One of the newly acquired etchings, which depicts the artist’s daughter, Bella Freud, will feature in the new exhibition, the first of the National Portrait Gallery 2026 programme. Lucian Freud: Drawing into Painting will explore the artist’s lifelong preoccupation with the human face and figure from the 1930s to the early twenty-first century, focusing on Freud’s mastery of drawing in all its forms – from pencil, pen, and ink to charcoal and etching. In addition, a carefully selected group of important paintings will reveal the dynamic dialogue between his practice on paper and on canvas. Opening on 12 February 2026, tickets will go on sale this autumn.

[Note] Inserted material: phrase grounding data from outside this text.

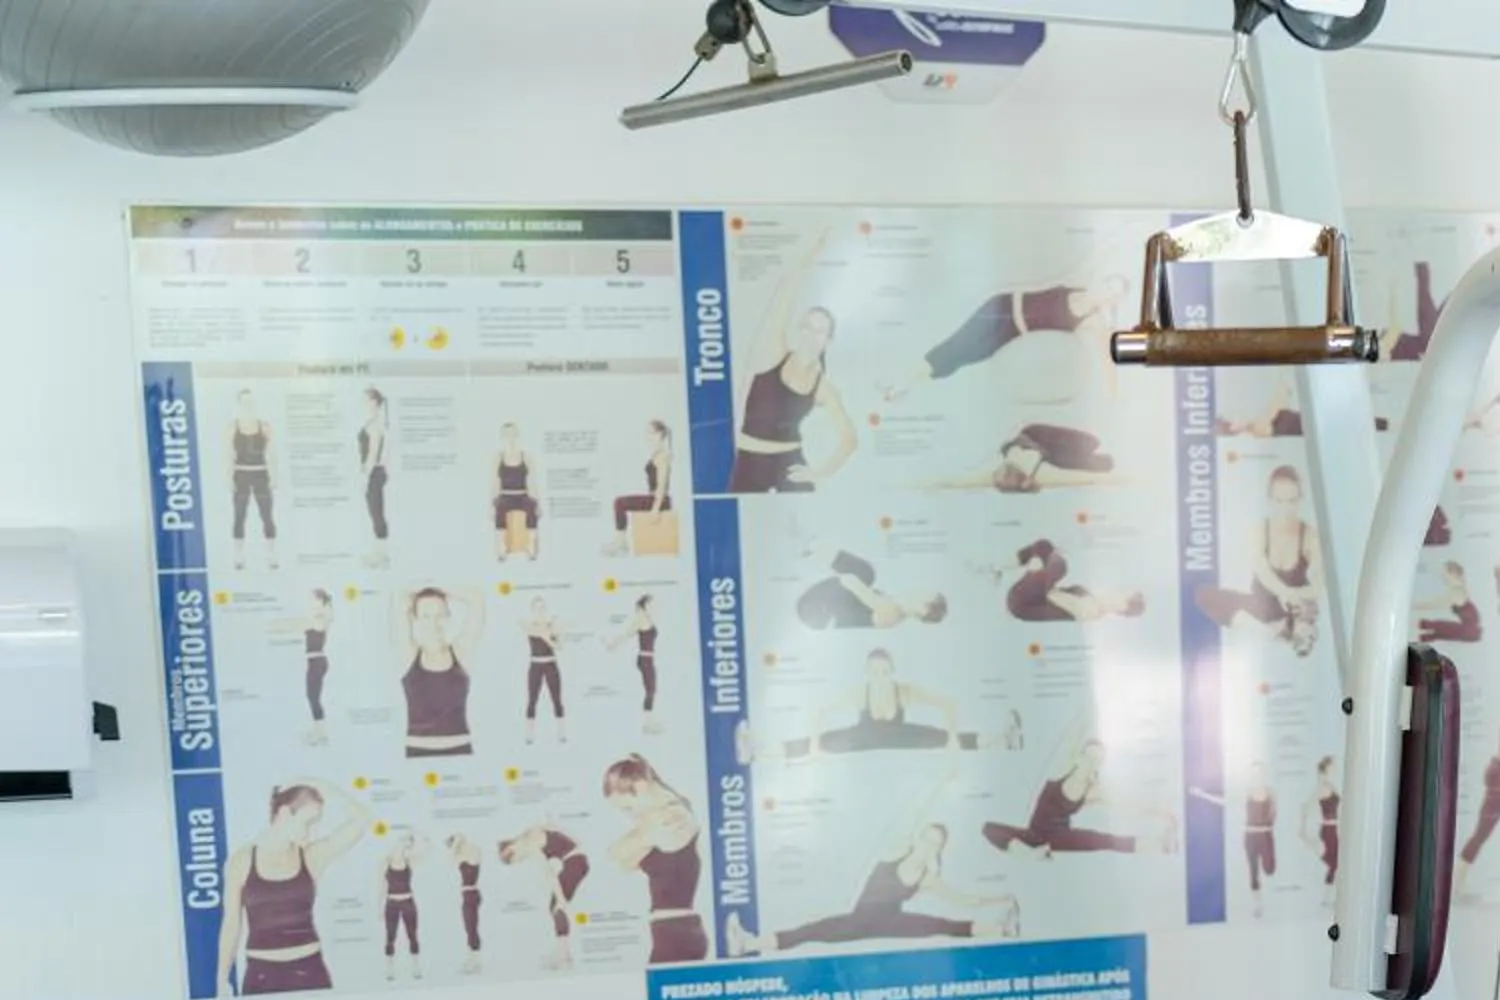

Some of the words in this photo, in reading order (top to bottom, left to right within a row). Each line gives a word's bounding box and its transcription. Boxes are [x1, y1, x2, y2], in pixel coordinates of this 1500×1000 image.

[184, 248, 197, 273] 1
[295, 248, 310, 273] 2
[407, 248, 422, 273] 3
[512, 248, 526, 273] 4
[616, 248, 630, 273] 5
[693, 287, 726, 387] Tronco
[161, 398, 195, 531] Posturas
[1183, 444, 1213, 571] Membros
[181, 589, 214, 752] Superiores
[706, 575, 740, 714] Inferiores
[186, 806, 221, 911] Coluna
[719, 773, 750, 906] Membros
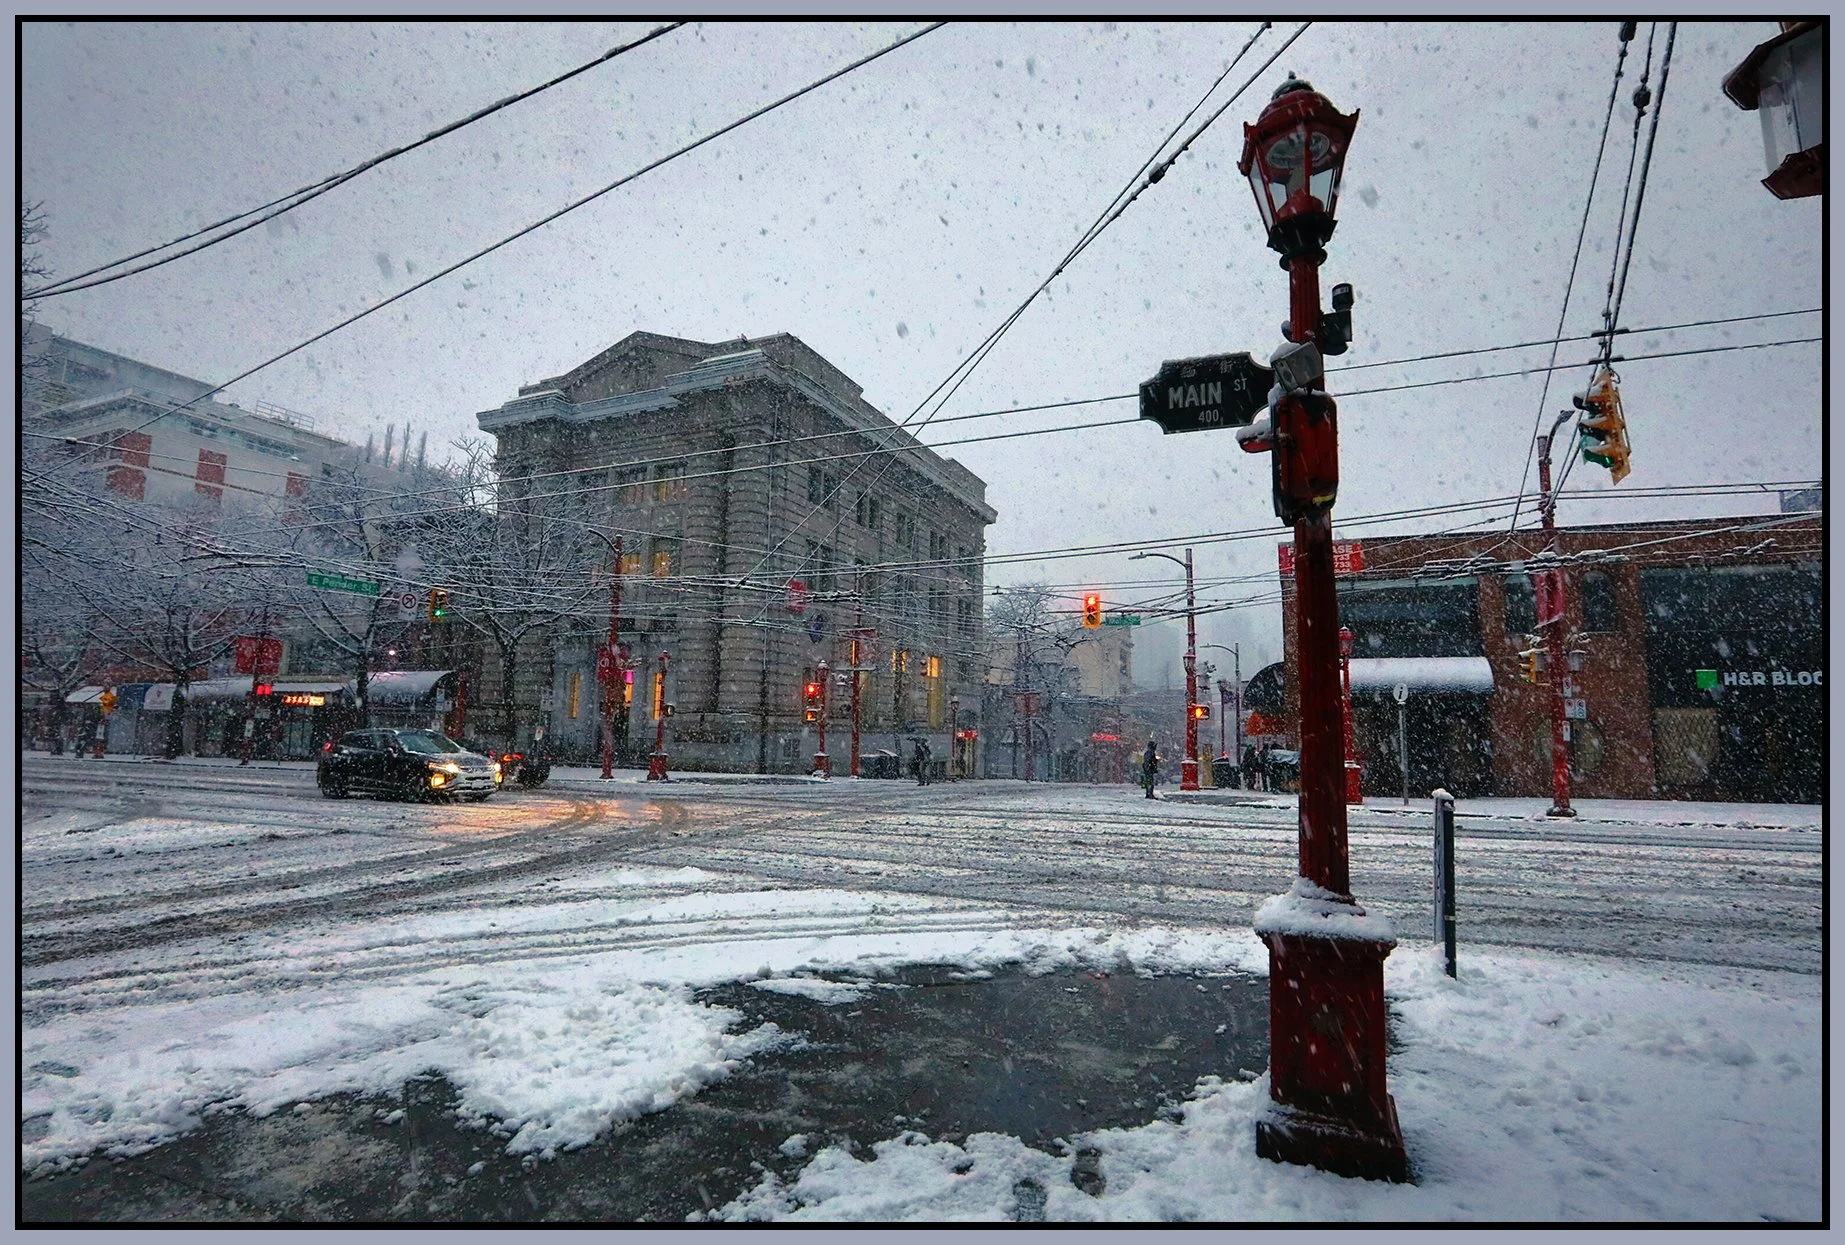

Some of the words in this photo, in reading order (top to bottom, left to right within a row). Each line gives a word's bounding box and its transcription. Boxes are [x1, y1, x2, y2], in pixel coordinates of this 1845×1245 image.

Ahead of this, Bella in her Pluto T-Shirt (etching) and other new acquisitions – including an unsigned trial proof of the sitter, without face, and a preparatory sketch of the work – are exhibited as part of a reconfigured Collections display in gallery 26, titled The Making of an Artist: The Lucian Freud Archive. This archive display illustrates Freud’s creative process, with works exhibited side by side to demonstrate specifically how the artist reworked the face of his sitter in the final print. Other highlights include previously unseen sketchbooks and childhood drawings; the artist’s etching tools; and two artworks by Freud’s father, Ernst Freud.
The National Portrait Gallery acquired the archive of Lucian Freud in 2015, and – since its reopening in 2023 – has displayed the artist’s childhood drawings, letters and sketchbooks. This reconfigured display, which opens today, focuses on Freud’s life, artistic techniques and processes, with a particular emphasis his etching prints, plates and unsigned trial proofs.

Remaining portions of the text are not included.